Erm… Oops?

So I managed to space two weeks running. Lately what passes for my brain has apparently gone into hiding on a tropical island somewhere and is making nice with the fancy drinks with little umbrellas in them and enjoying the scenery. The bitch probably has pool boys included in said scenery, too.

So, my apologies. I did not intend to space out and completely forget to post. Nor did I intend to find myself so brain-dead after work that I’m basically rambling on screen. The assorted joys of my medical issues don’t help, but it’s not like I’m not familiar with them. Then I find out that a friend/acquaintance lost the fight with cancer last week – I’m not sure if she’d made her 40s or not, but she was about that much younger than me. Way the hell too young to be hit by something like that.

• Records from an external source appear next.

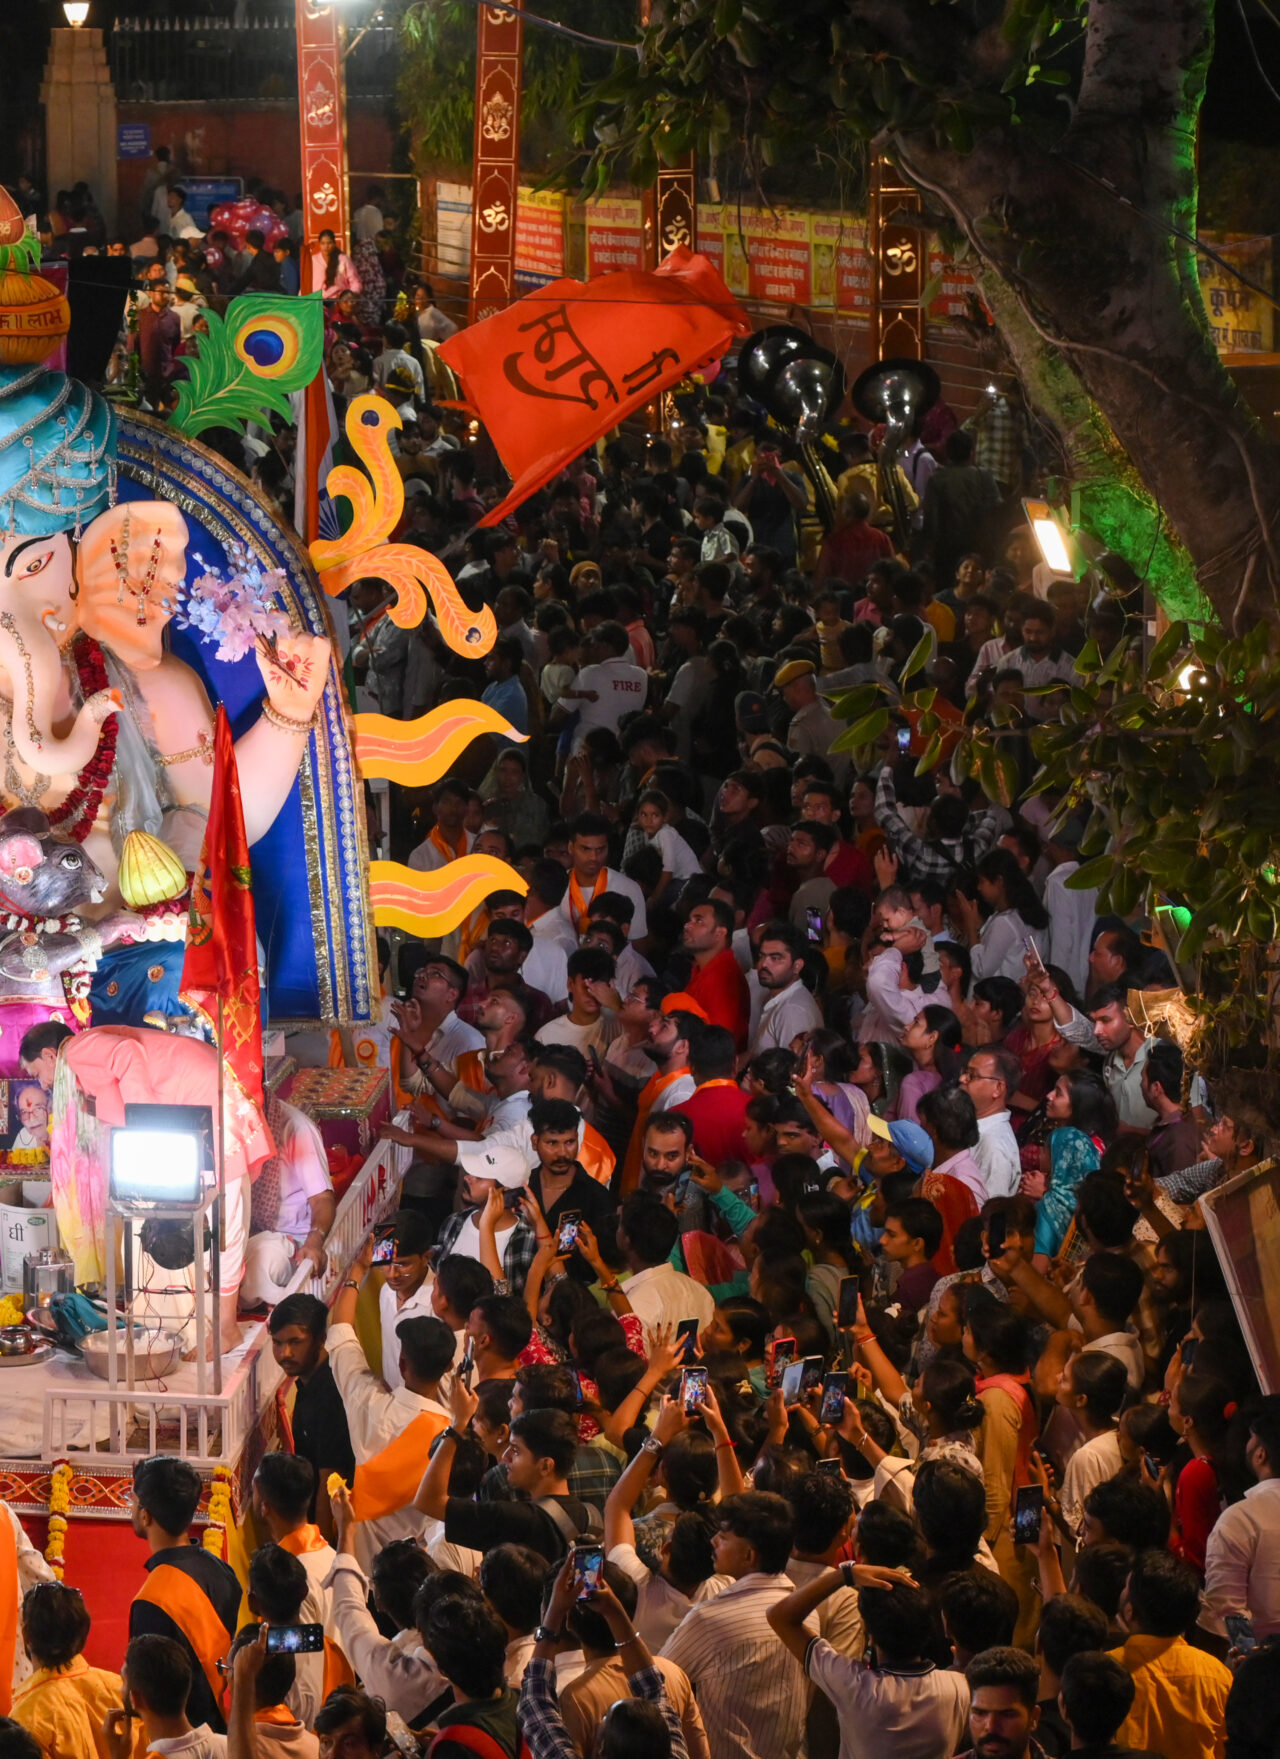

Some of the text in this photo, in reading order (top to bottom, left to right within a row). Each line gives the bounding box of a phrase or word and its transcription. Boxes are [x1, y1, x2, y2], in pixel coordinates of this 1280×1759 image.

[27, 308, 63, 329] लाभ
[612, 680, 641, 692] FIRE
[8, 1222, 24, 1242] घी
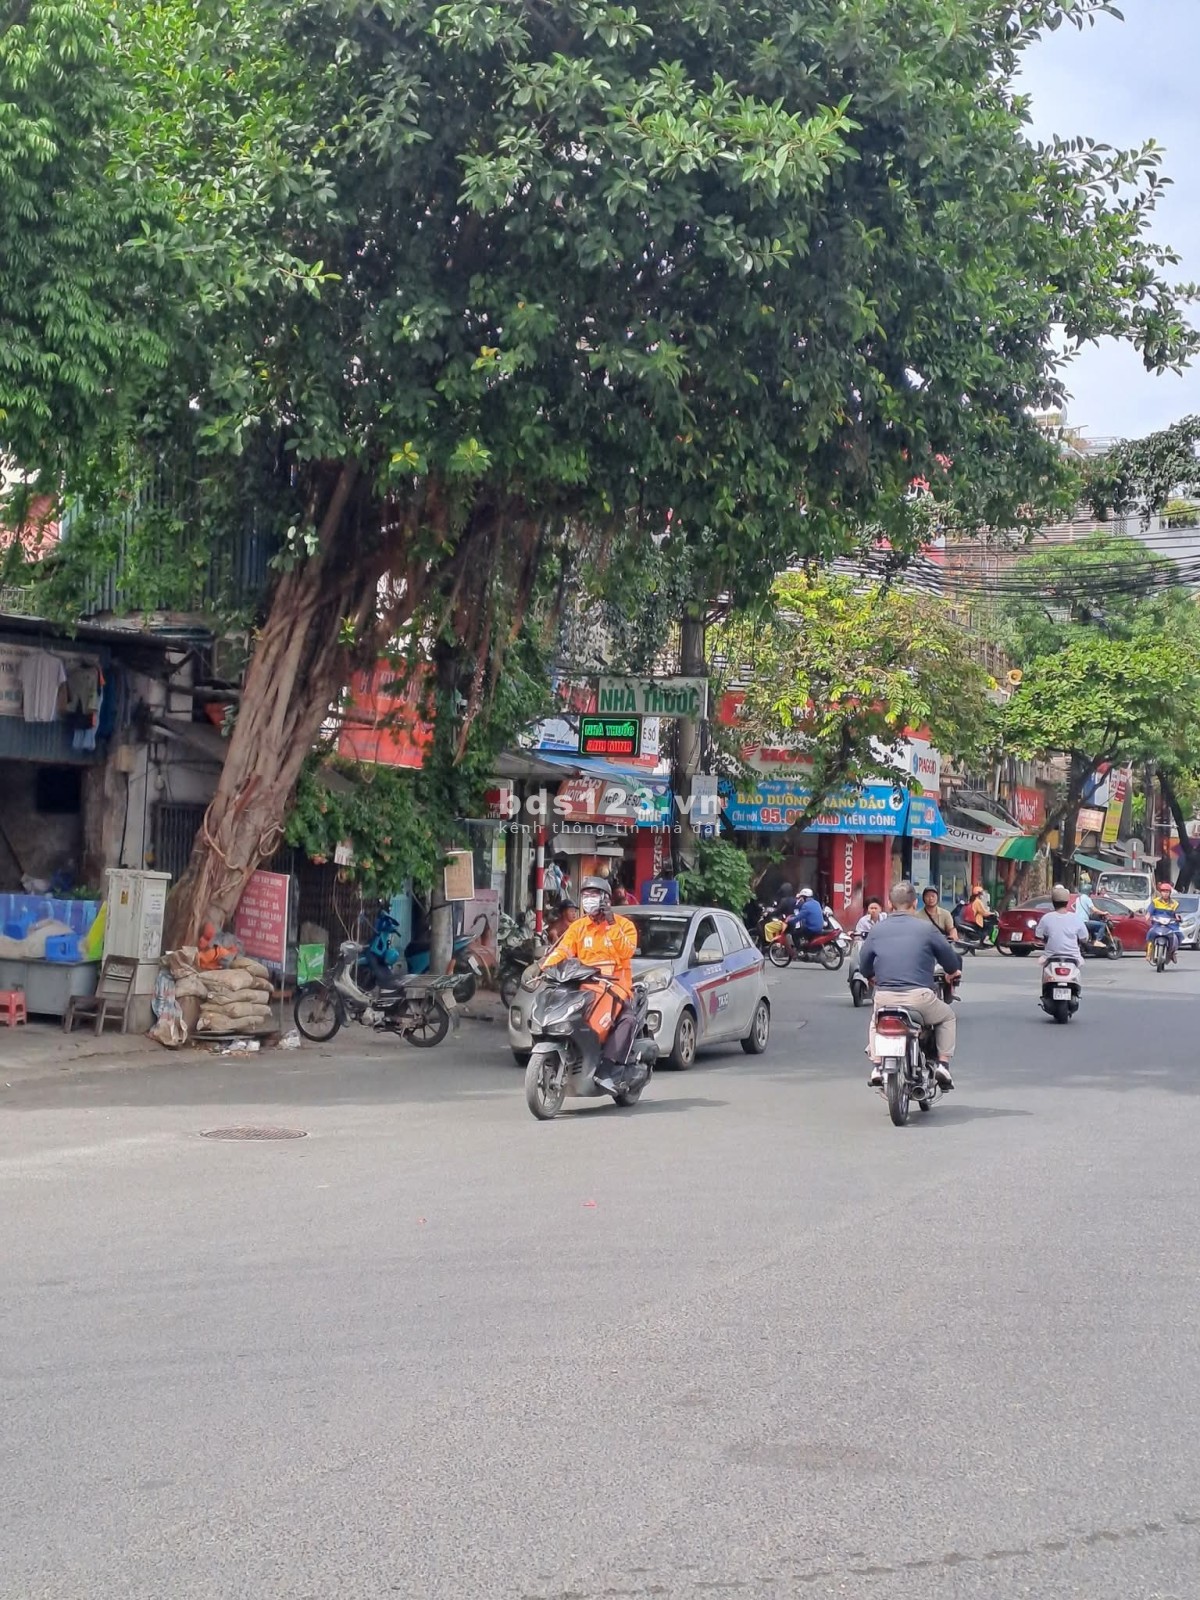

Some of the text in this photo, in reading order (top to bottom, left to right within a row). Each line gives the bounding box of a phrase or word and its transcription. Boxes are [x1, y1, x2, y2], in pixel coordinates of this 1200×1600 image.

[585, 722, 635, 736] NHÀ THUỐC
[918, 756, 937, 775] PIAGGIO
[947, 827, 985, 843] ROHTO
[844, 842, 854, 910] HONDA
[650, 884, 668, 902] G7
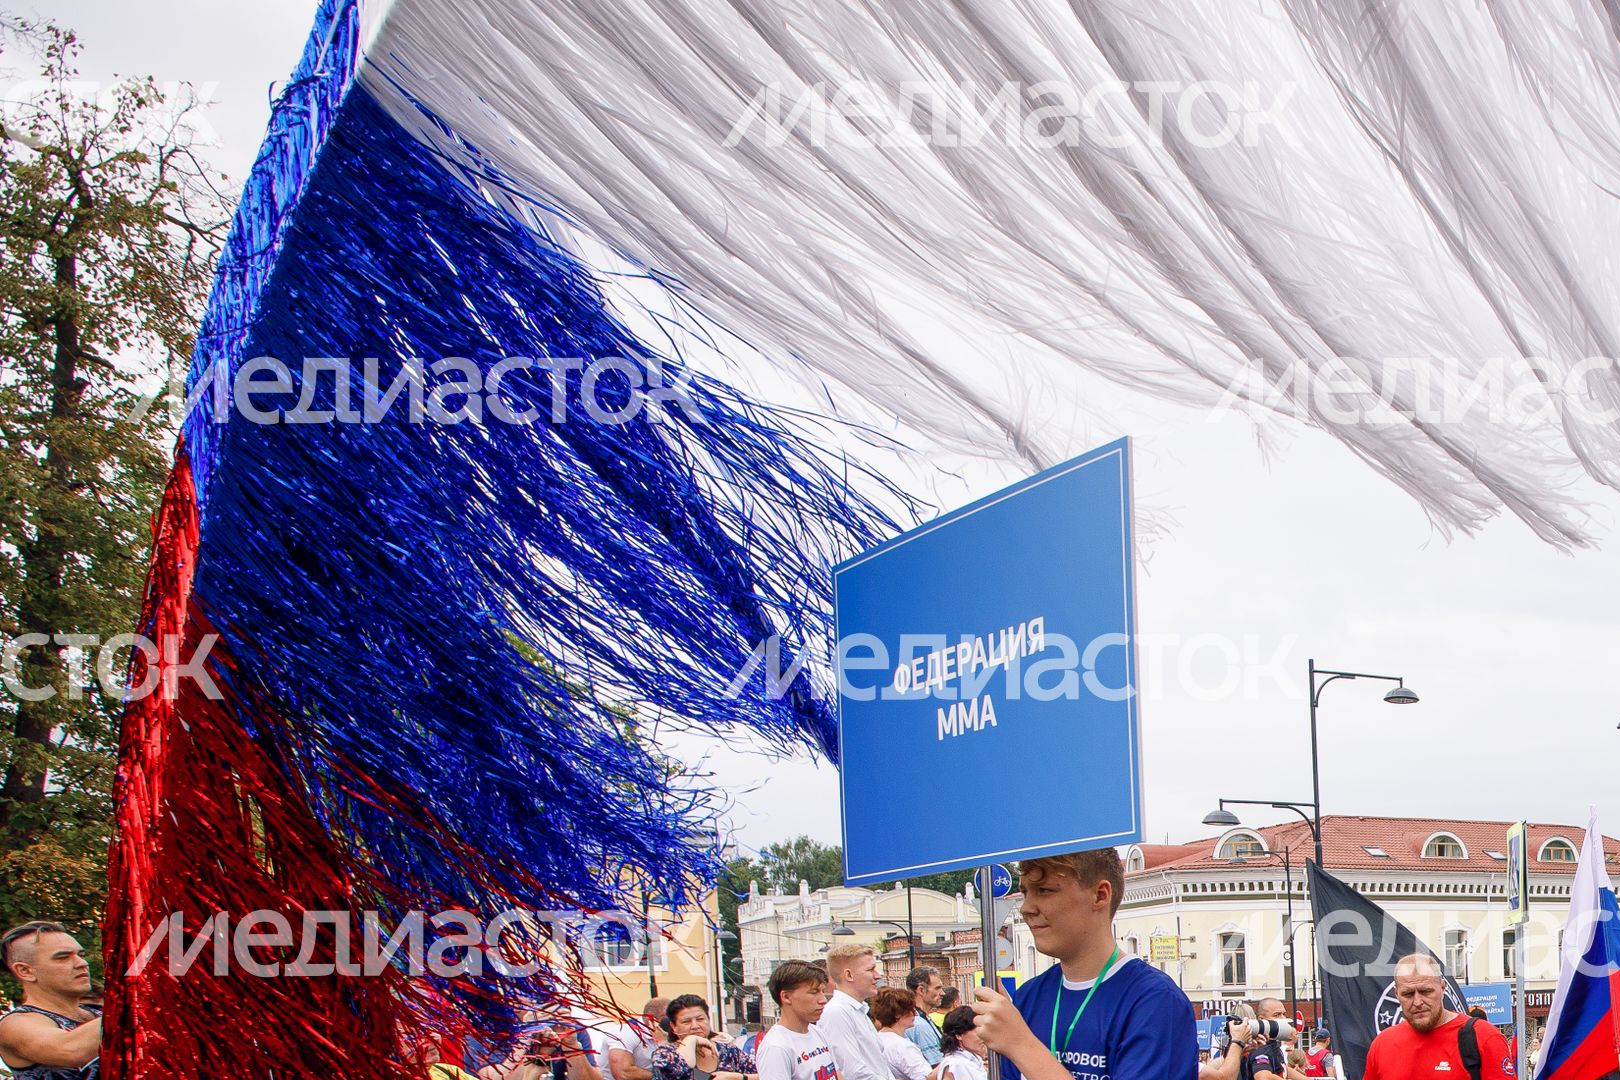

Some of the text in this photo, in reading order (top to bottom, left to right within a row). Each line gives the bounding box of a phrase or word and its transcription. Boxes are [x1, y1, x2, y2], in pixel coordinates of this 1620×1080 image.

[893, 616, 1046, 696] ФЕДЕРАЦИЯ
[936, 692, 998, 741] ММА
[1466, 994, 1497, 1002] ФЕДЕРАЦИЯ
[1055, 1051, 1106, 1068] ДОРОВОЕ

It’s something I’m seeing more as I get older: the awareness that I don’t have unlimited time to do things. That sooner or later it all stops. And yet, inside I don’t really feel any older than I did in my twenties. Or thirties. Or forties. I will admit to being thankful the angsty teen years are long gone, though. I could do without a repeat of those – hell, once was more than enough.

Small wonder that ways to live longer or just plain not die show up all over the place in fantasy and science fiction: I don’t think any of us really wants to find out what happens when living stops. Heck, it’s a challenge to find people who are prepared to acknowledge that time changes us. I might feel much the same as I used to on the inside, but I’m well aware that on the outside a lot of things are way different including wobbly balance and a decided caution when descending stairs compared to the way I used to go flying down the things.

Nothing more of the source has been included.